- _Exercise aim_
Repeat precisely the line in which "Some of the text" occurs and all lines that follow it in the entries below. Pictures must be omitted.

Image-backed grounding data:
+++

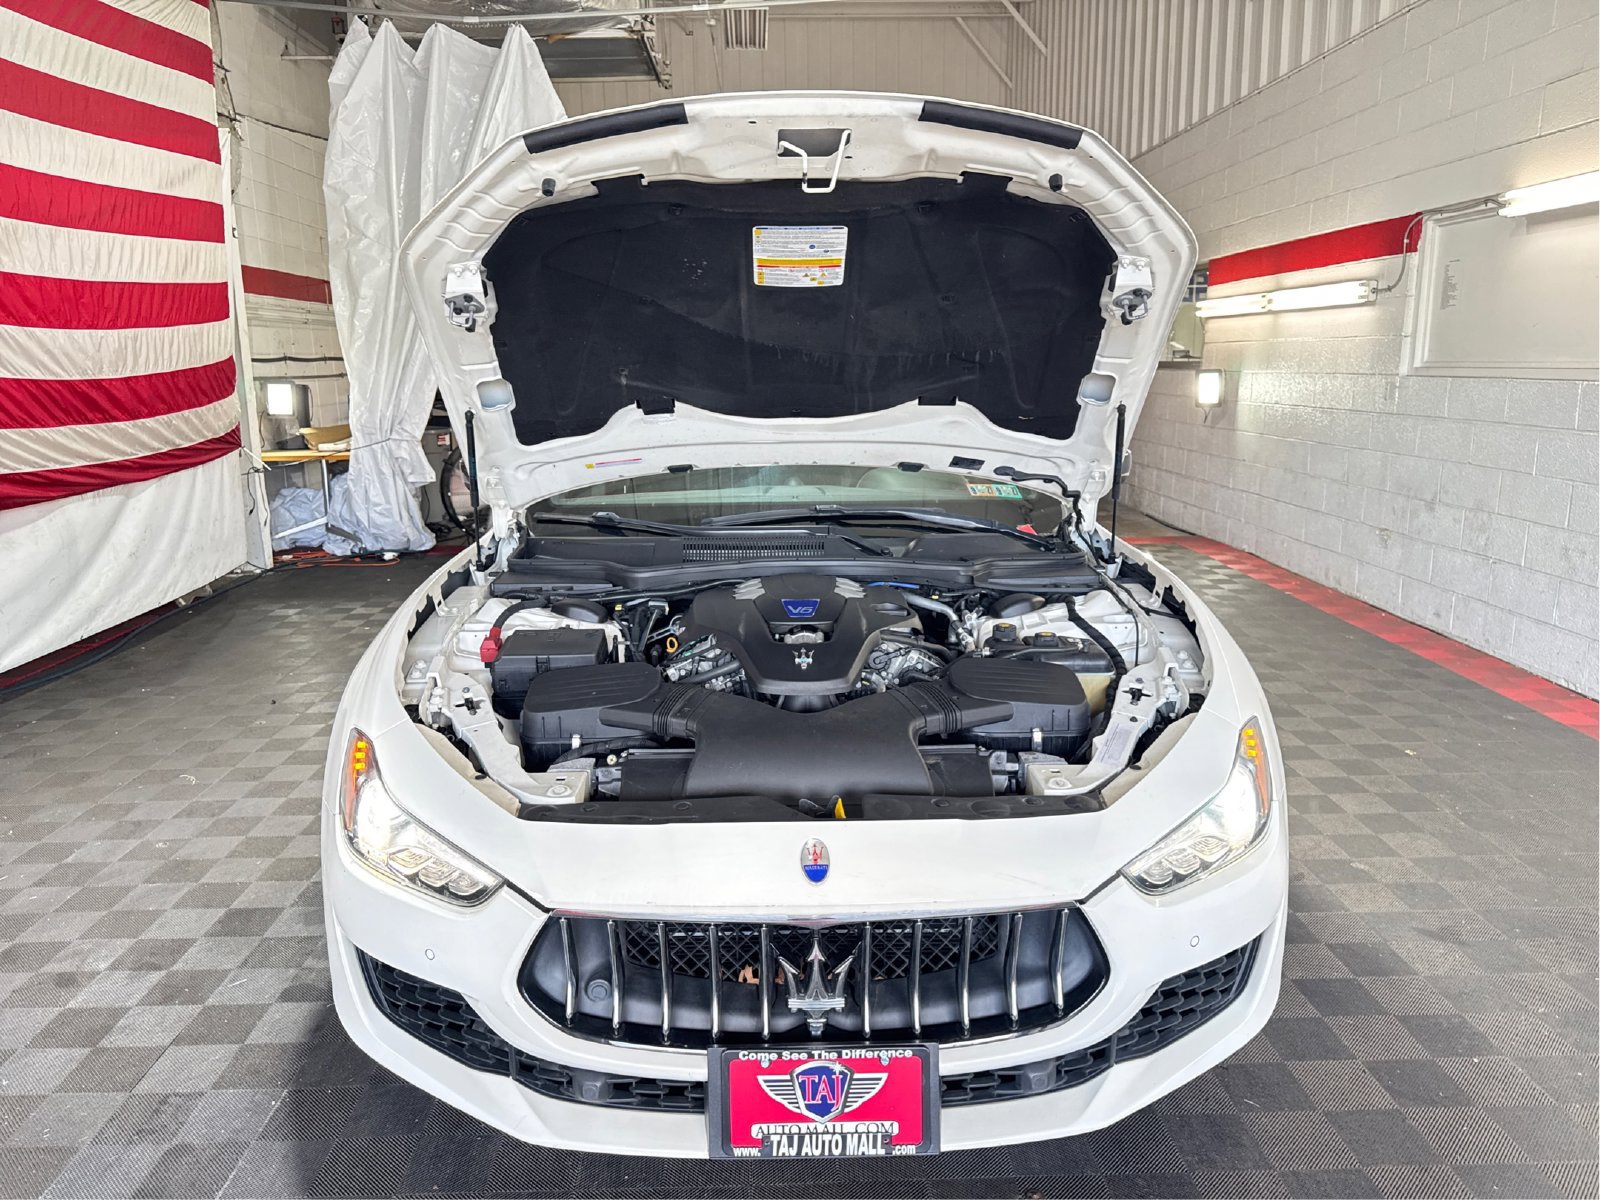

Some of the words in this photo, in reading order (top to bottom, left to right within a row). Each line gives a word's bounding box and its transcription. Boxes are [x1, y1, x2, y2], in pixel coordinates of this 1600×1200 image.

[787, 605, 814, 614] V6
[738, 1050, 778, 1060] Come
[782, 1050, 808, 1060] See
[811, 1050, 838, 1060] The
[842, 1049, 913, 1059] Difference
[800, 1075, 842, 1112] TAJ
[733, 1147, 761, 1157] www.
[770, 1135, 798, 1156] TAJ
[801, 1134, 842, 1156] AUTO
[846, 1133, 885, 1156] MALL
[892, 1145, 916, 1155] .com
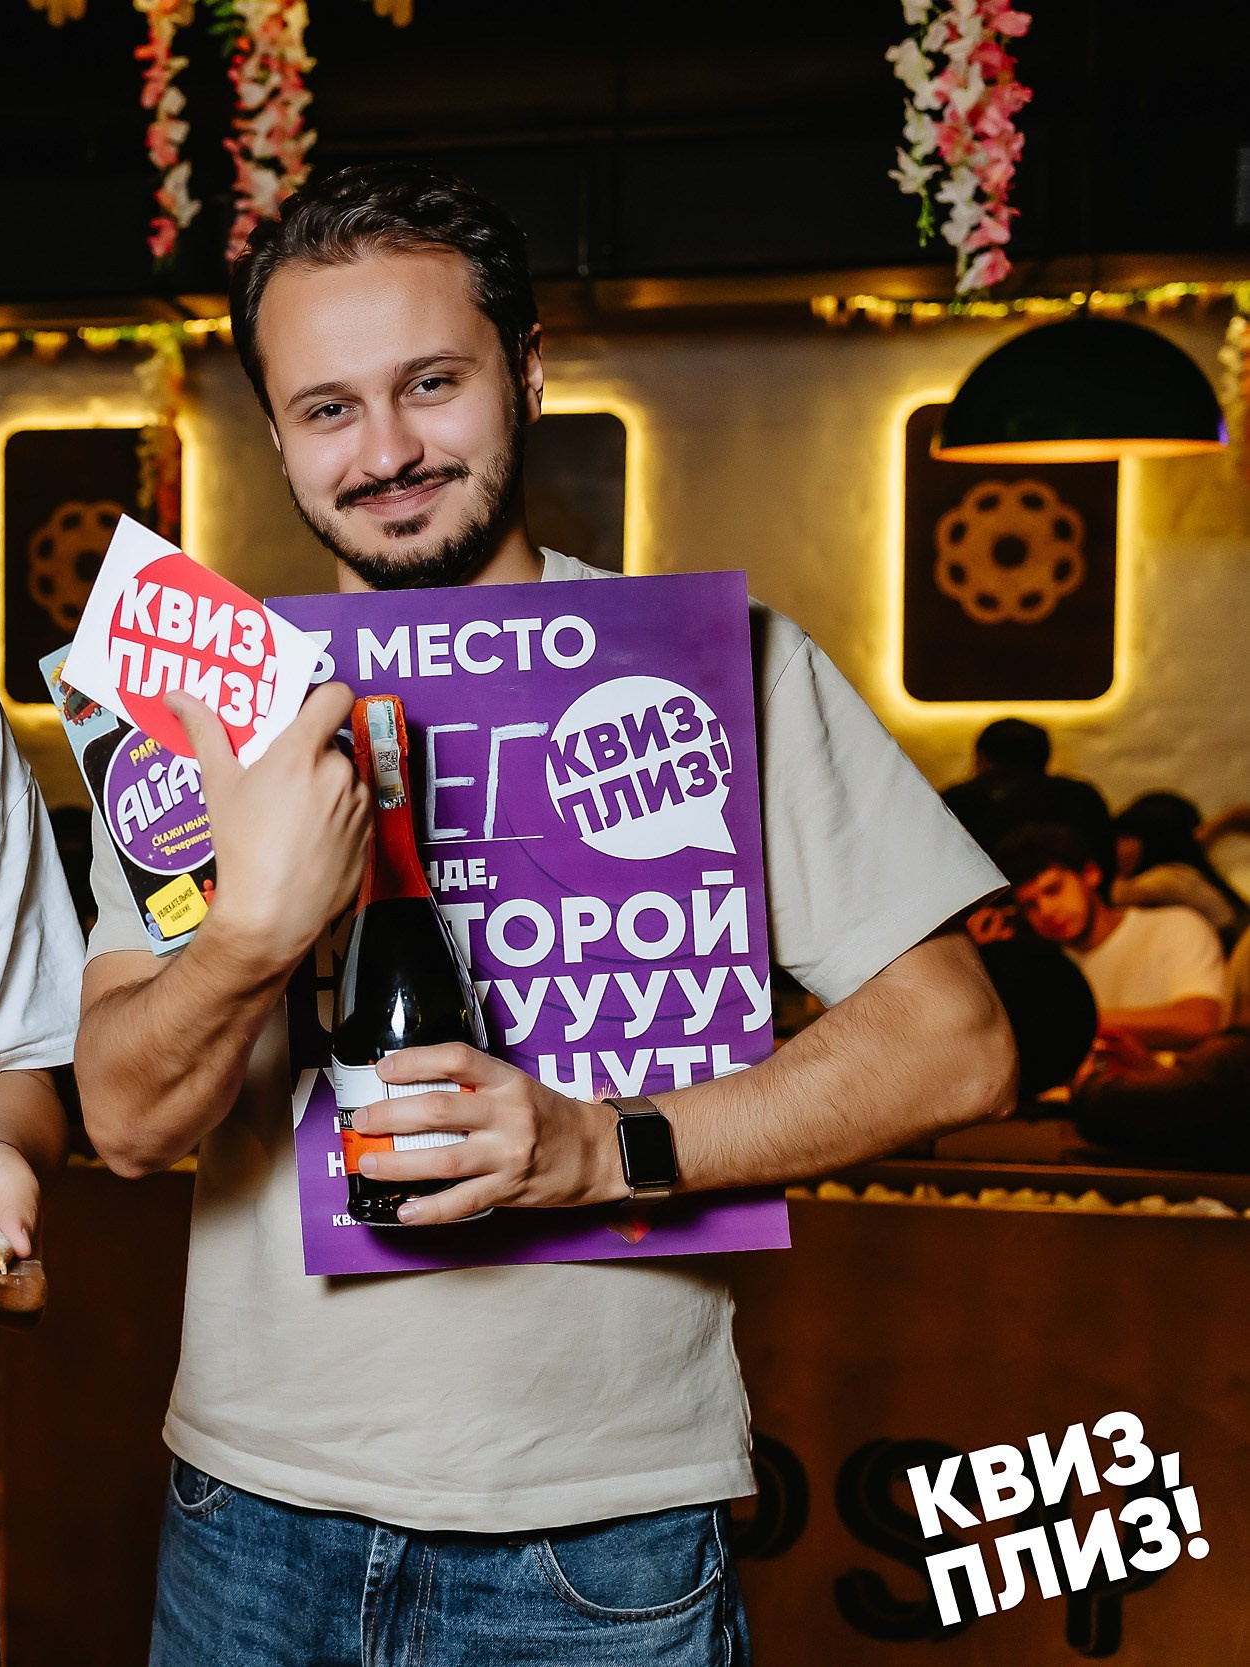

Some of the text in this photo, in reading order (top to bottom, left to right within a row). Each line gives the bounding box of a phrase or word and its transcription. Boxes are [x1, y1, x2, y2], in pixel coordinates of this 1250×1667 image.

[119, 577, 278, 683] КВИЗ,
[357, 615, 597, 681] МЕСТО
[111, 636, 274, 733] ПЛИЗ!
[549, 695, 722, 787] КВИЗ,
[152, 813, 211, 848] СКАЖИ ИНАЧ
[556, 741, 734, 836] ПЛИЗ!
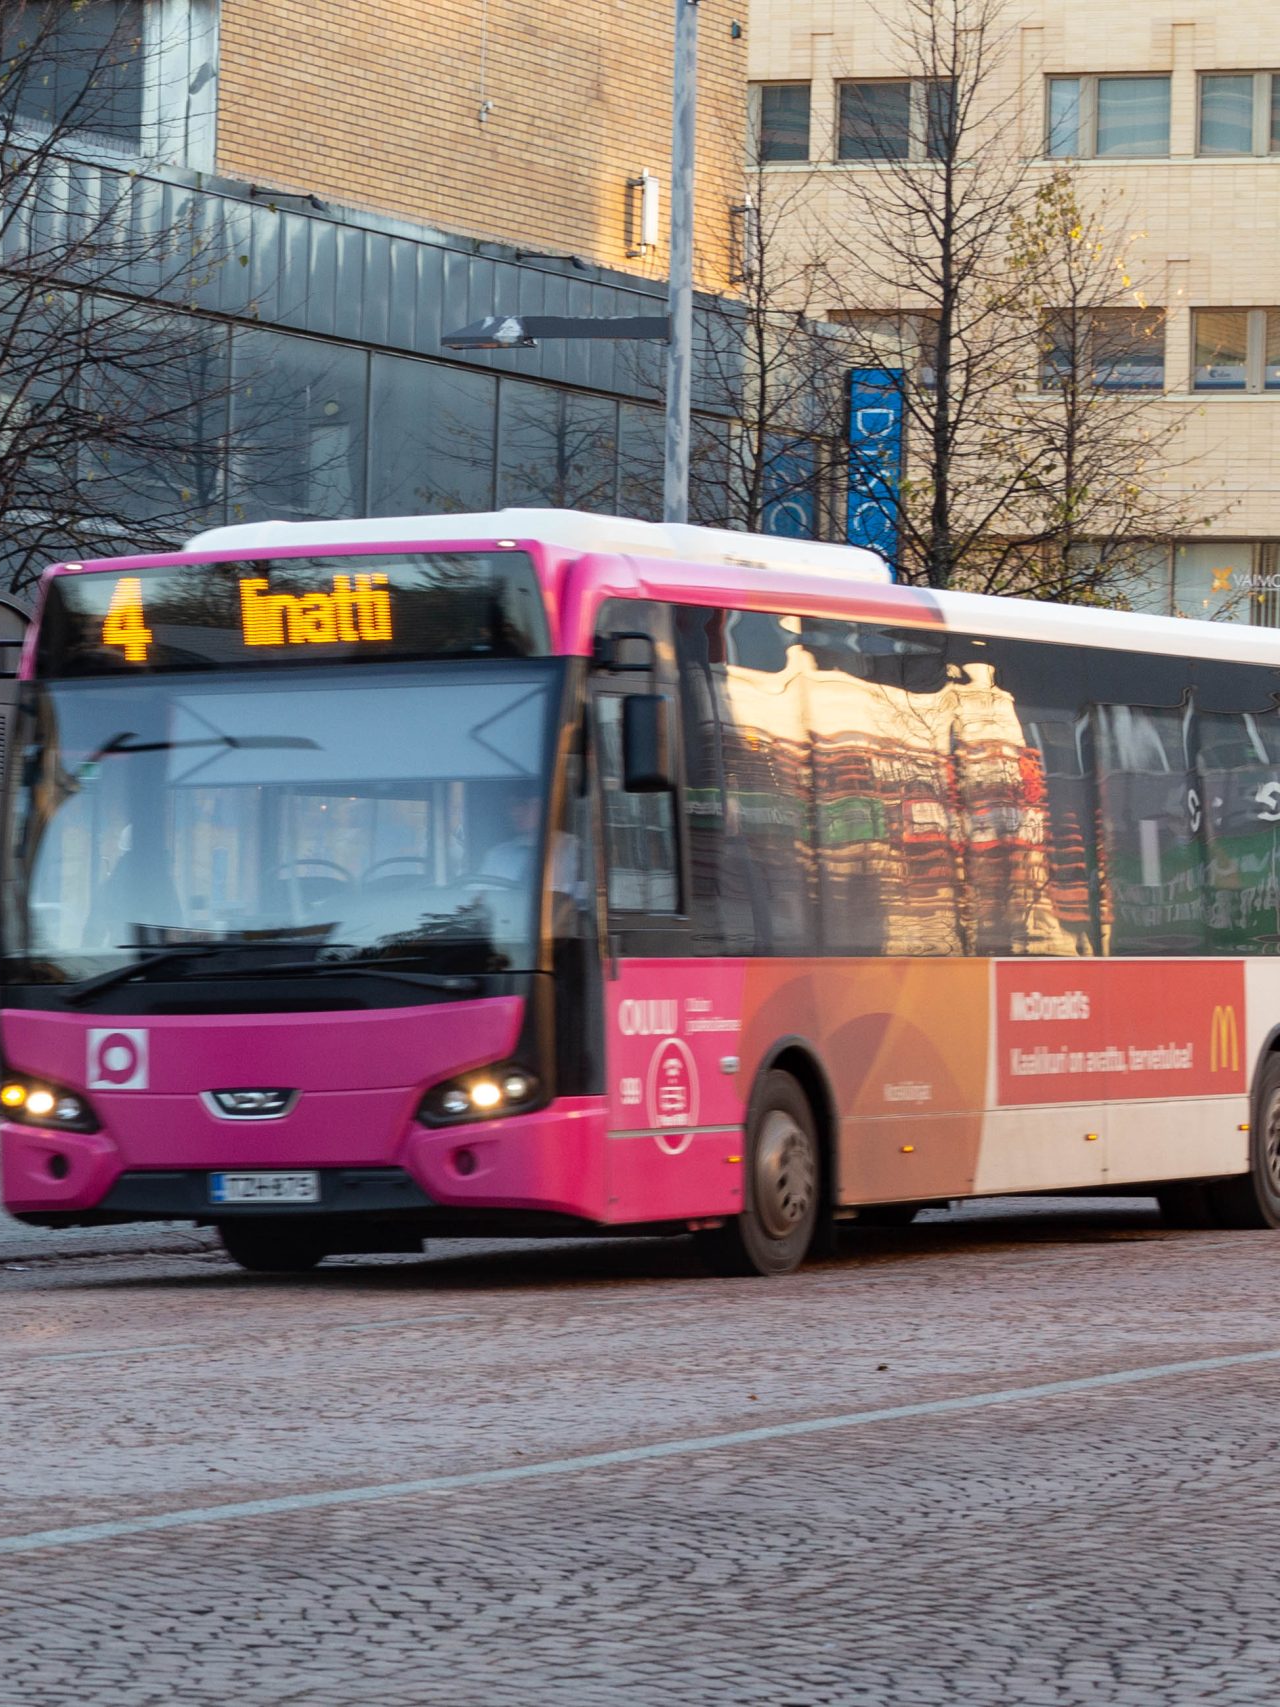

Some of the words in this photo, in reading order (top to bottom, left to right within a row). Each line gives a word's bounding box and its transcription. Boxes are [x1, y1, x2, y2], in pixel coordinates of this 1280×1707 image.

+++

- _Exercise output_
Some of the text in this photo, in reading order (top to bottom, left to right within a row). Each line gives the bounding box of a phrase or word and its transcription. Boxes are [x1, y1, x2, y2], in pixel coordinates of this 1250×1667 image.

[119, 577, 278, 683] КВИЗ,
[357, 615, 597, 681] МЕСТО
[111, 636, 274, 733] ПЛИЗ!
[549, 695, 722, 787] КВИЗ,
[152, 813, 211, 848] СКАЖИ ИНАЧ
[556, 741, 734, 836] ПЛИЗ!

Some of the words in this photo, in reading order (top to bottom, left to right within a row). Each line gives a word's bounding box and its transcription. Boxes are [x1, y1, x2, y2], in pixel coordinates of this 1280×1707 image.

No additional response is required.